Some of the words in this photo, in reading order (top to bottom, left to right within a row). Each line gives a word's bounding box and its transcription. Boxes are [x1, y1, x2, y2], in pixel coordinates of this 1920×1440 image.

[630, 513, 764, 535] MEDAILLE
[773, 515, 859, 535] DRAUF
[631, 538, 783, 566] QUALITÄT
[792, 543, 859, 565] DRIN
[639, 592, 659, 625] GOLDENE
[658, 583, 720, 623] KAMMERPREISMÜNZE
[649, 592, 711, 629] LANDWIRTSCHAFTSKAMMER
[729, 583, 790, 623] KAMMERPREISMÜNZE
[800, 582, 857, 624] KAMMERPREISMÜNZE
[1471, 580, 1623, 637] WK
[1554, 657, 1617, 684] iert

═══

[EXERCISE GOAL]
The complete listing must be reproduced exactly as written.

[YOUR SOLUTION]
Some of the words in this photo, in reading order (top to bottom, left to right within a row). Each line gives a word's bounding box and its transcription. Boxes are [x1, y1, x2, y2], in pixel coordinates of this 1920×1440 image.

[630, 513, 764, 535] MEDAILLE
[773, 515, 859, 535] DRAUF
[631, 538, 783, 566] QUALITÄT
[792, 543, 859, 565] DRIN
[639, 592, 659, 625] GOLDENE
[658, 583, 720, 623] KAMMERPREISMÜNZE
[649, 592, 711, 629] LANDWIRTSCHAFTSKAMMER
[729, 583, 790, 623] KAMMERPREISMÜNZE
[800, 582, 857, 624] KAMMERPREISMÜNZE
[1471, 580, 1623, 637] WK
[1554, 657, 1617, 684] iert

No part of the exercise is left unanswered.